Saved entries:
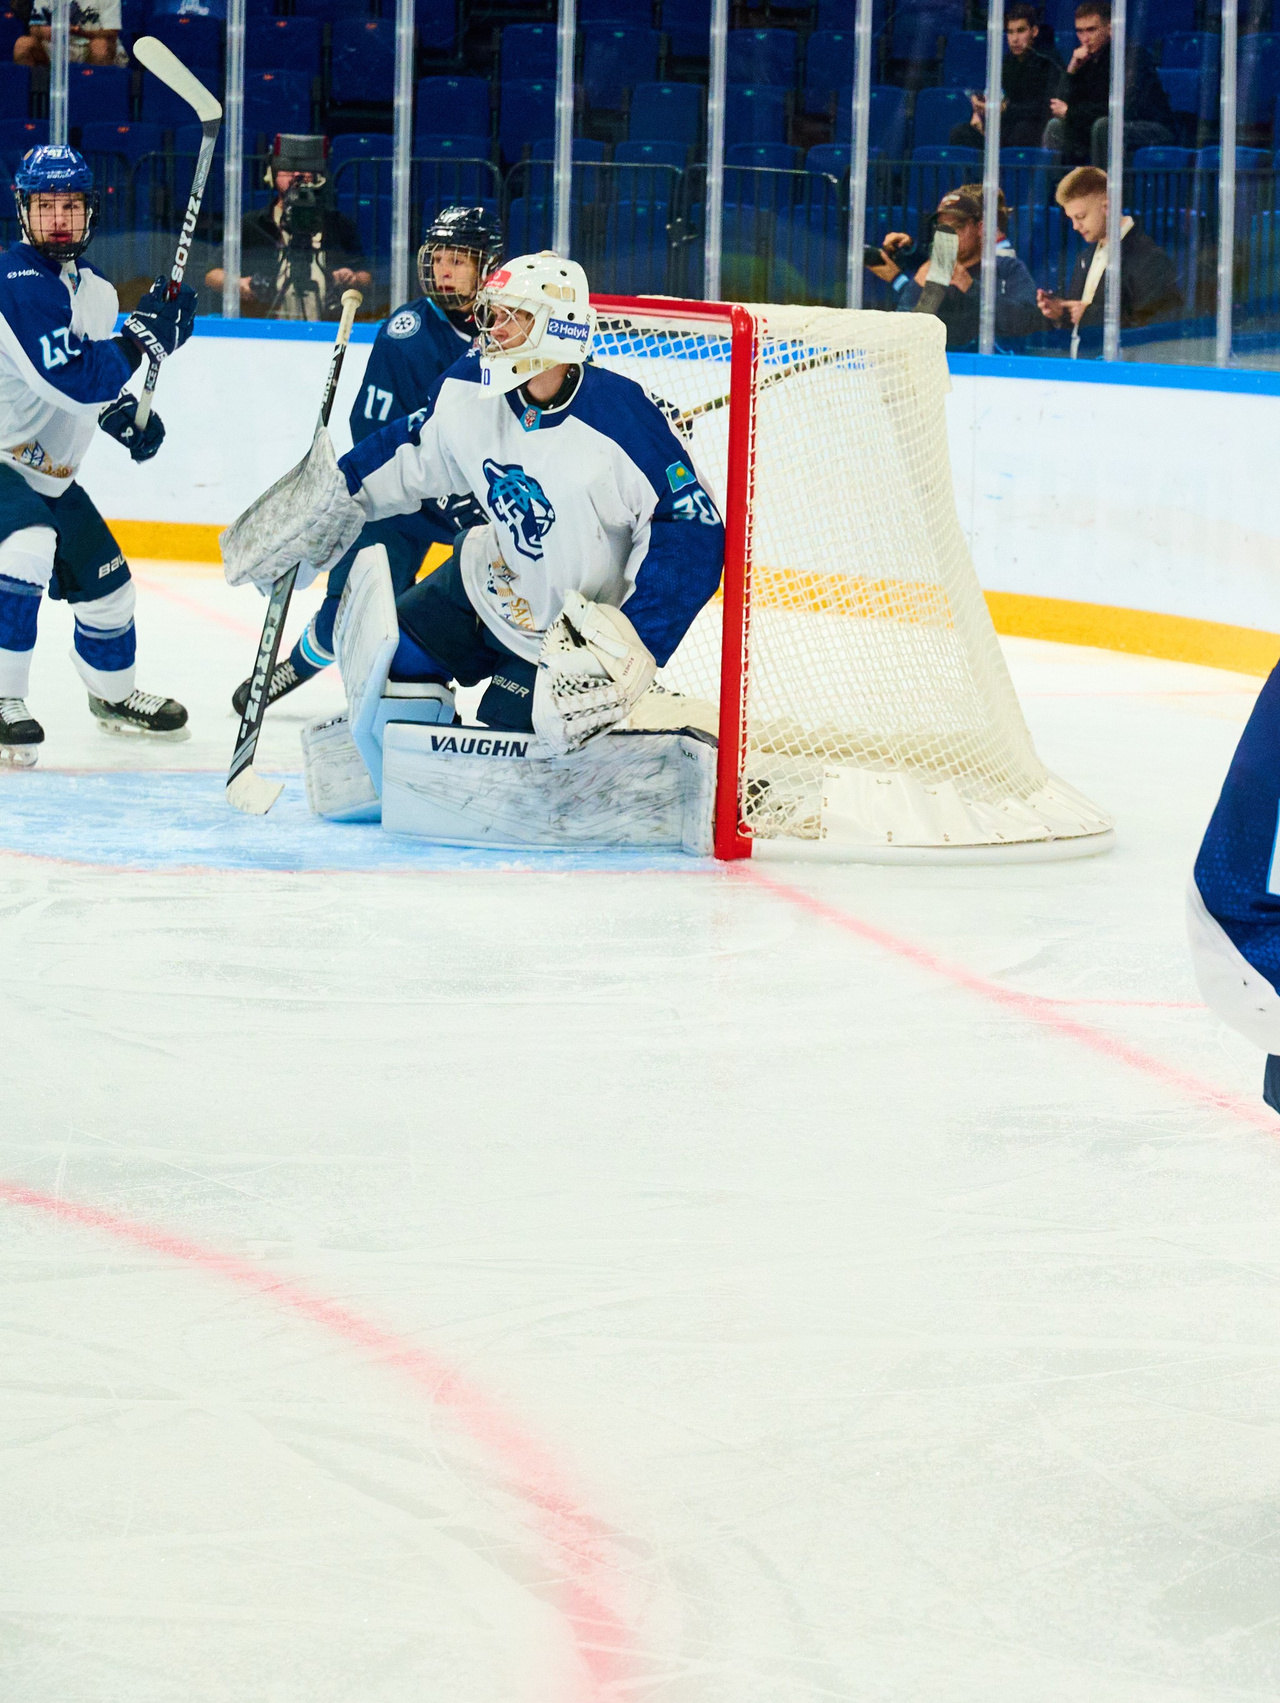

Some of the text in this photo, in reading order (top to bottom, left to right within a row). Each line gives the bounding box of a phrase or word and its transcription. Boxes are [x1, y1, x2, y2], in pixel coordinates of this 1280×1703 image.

[171, 195, 202, 283] SOYUZ
[124, 316, 168, 362] BAUER
[560, 324, 588, 339] Halyk
[364, 384, 393, 421] 17
[244, 603, 282, 722] SOYUZ
[430, 735, 529, 758] VAUGHN

> GOAL OF THE EXERCISE:
All that is needed is an exact copy of the entries above, minus the pictures.

> EXERCISE OUTPUT:
Some of the text in this photo, in reading order (top to bottom, left to right within a row). Each line gives the bounding box of a phrase or word and its transcription. Boxes are [x1, y1, x2, y2], in pixel coordinates of this 1280×1703 image.

[171, 195, 202, 283] SOYUZ
[124, 316, 168, 362] BAUER
[560, 324, 588, 339] Halyk
[364, 384, 393, 421] 17
[244, 603, 282, 722] SOYUZ
[430, 735, 529, 758] VAUGHN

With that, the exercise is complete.